** Opening Data to examine block **
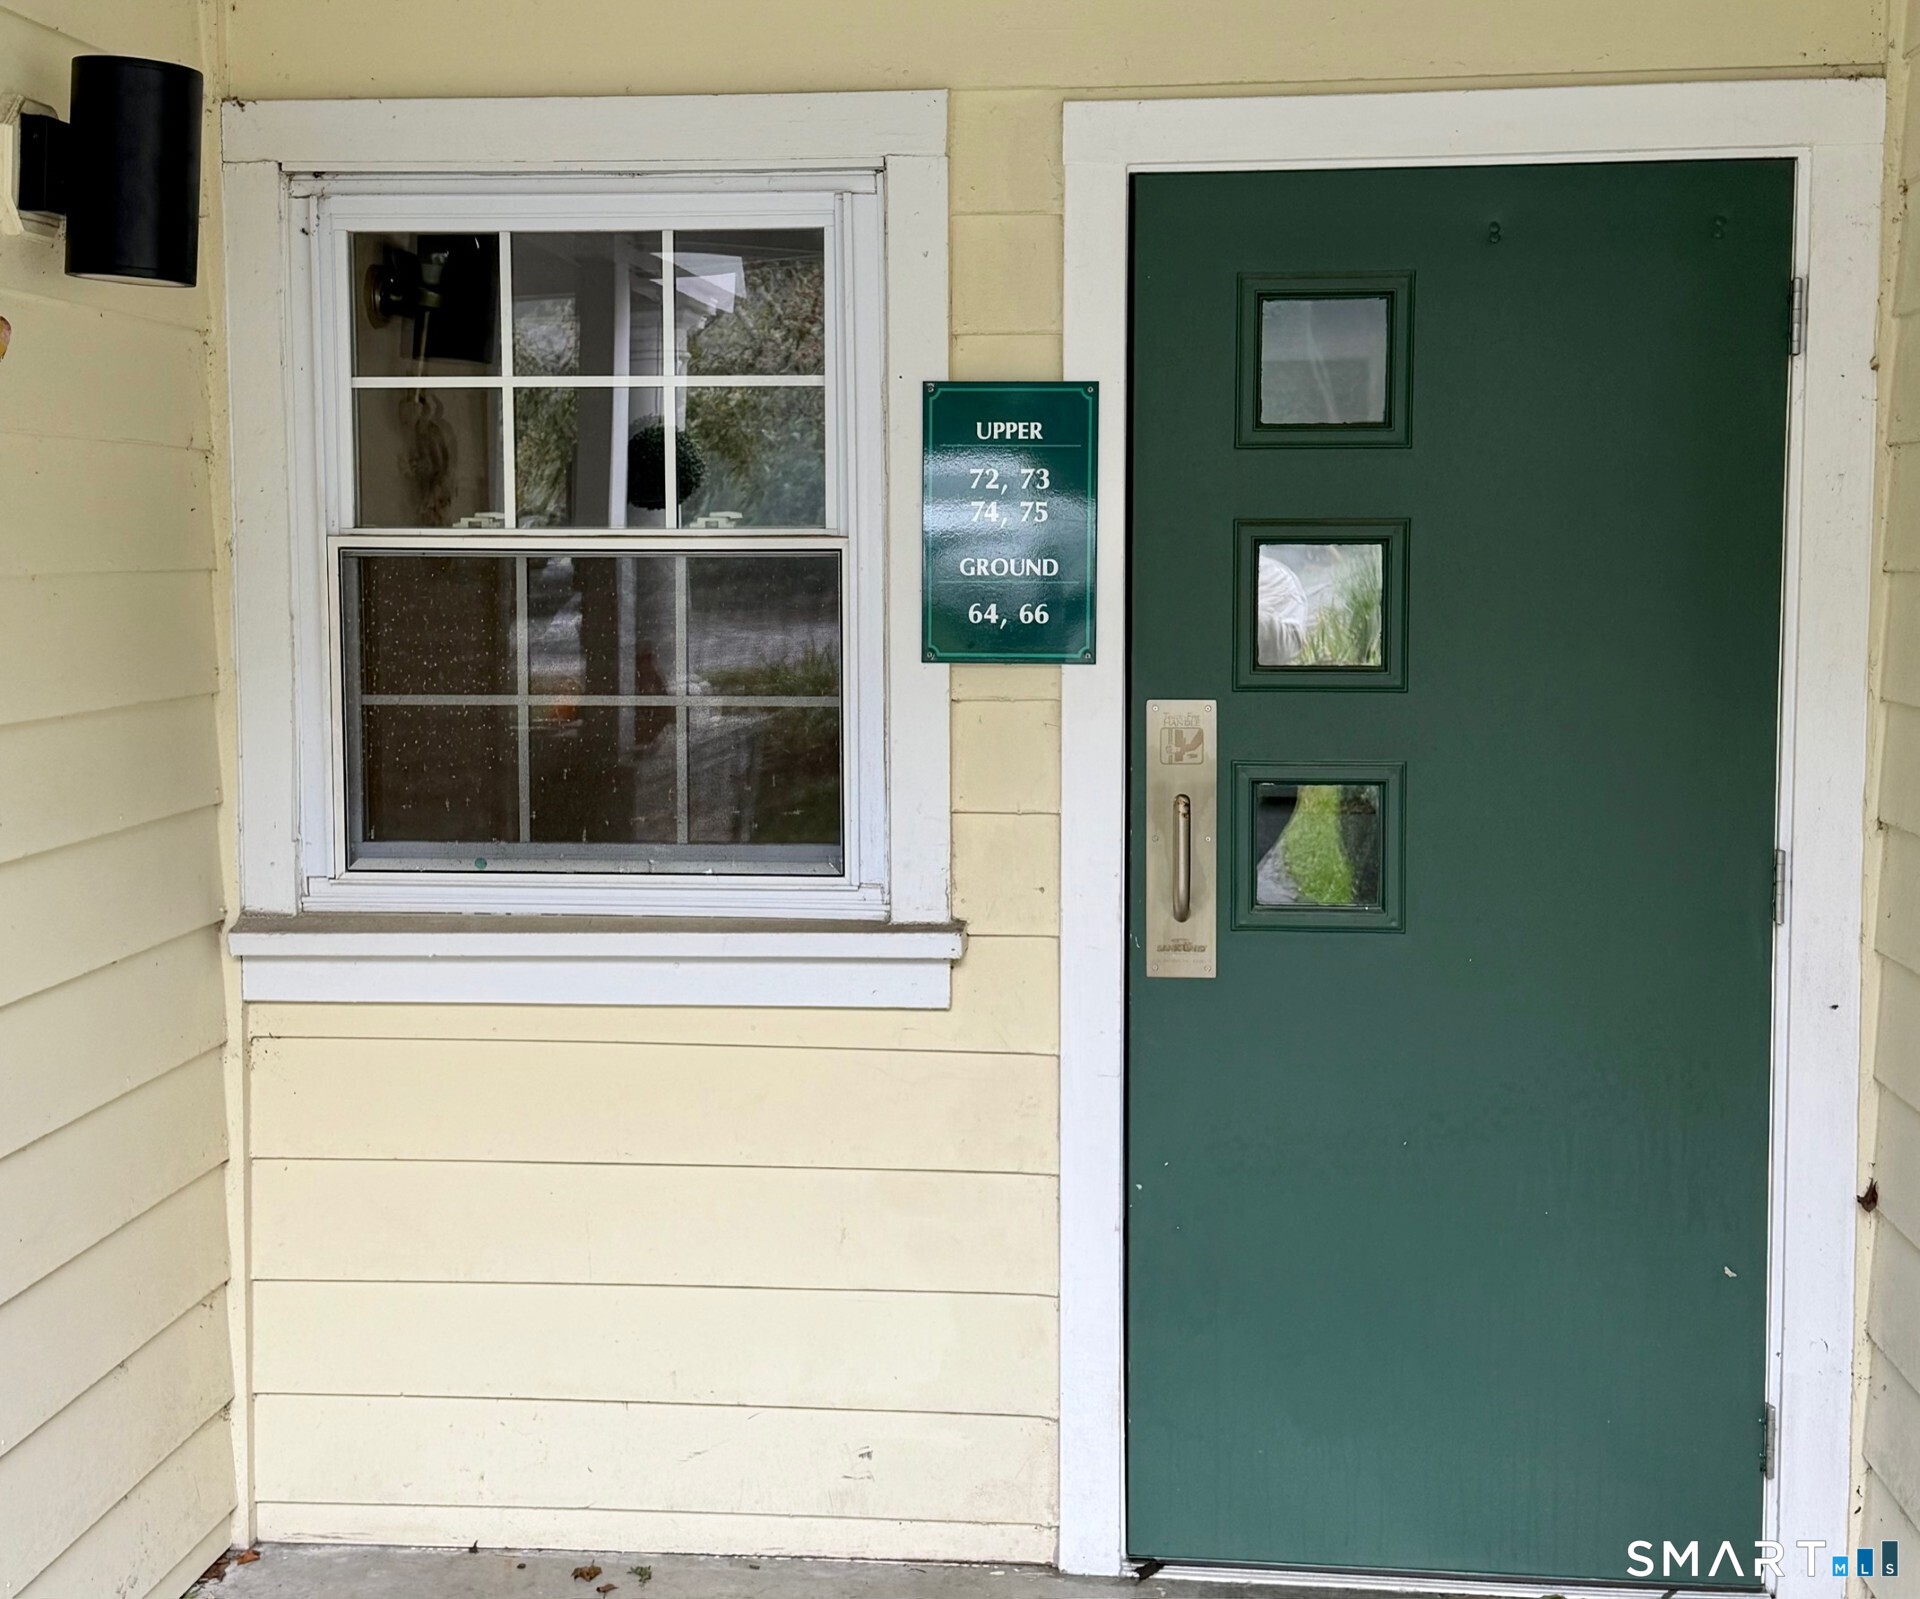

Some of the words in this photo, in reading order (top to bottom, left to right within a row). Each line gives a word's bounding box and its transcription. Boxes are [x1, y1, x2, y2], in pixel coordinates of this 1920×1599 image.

[976, 421, 1043, 440] UPPER
[969, 468, 1008, 495] 72,
[1020, 468, 1050, 490] 73
[970, 501, 1008, 528] 74,
[1020, 501, 1049, 523] 75
[959, 557, 1059, 577] GROUND
[968, 603, 1007, 629] 64,
[1019, 603, 1050, 625] 66
** Closing Data to examine block **
Assignment
Each entry above is to be restated exactly, without its images.

Task output
Some of the words in this photo, in reading order (top to bottom, left to right within a row). Each line gives a word's bounding box and its transcription. Boxes are [x1, y1, x2, y2], in pixel coordinates of this 1920×1599 image.

[976, 421, 1043, 440] UPPER
[969, 468, 1008, 495] 72,
[1020, 468, 1050, 490] 73
[970, 501, 1008, 528] 74,
[1020, 501, 1049, 523] 75
[959, 557, 1059, 577] GROUND
[968, 603, 1007, 629] 64,
[1019, 603, 1050, 625] 66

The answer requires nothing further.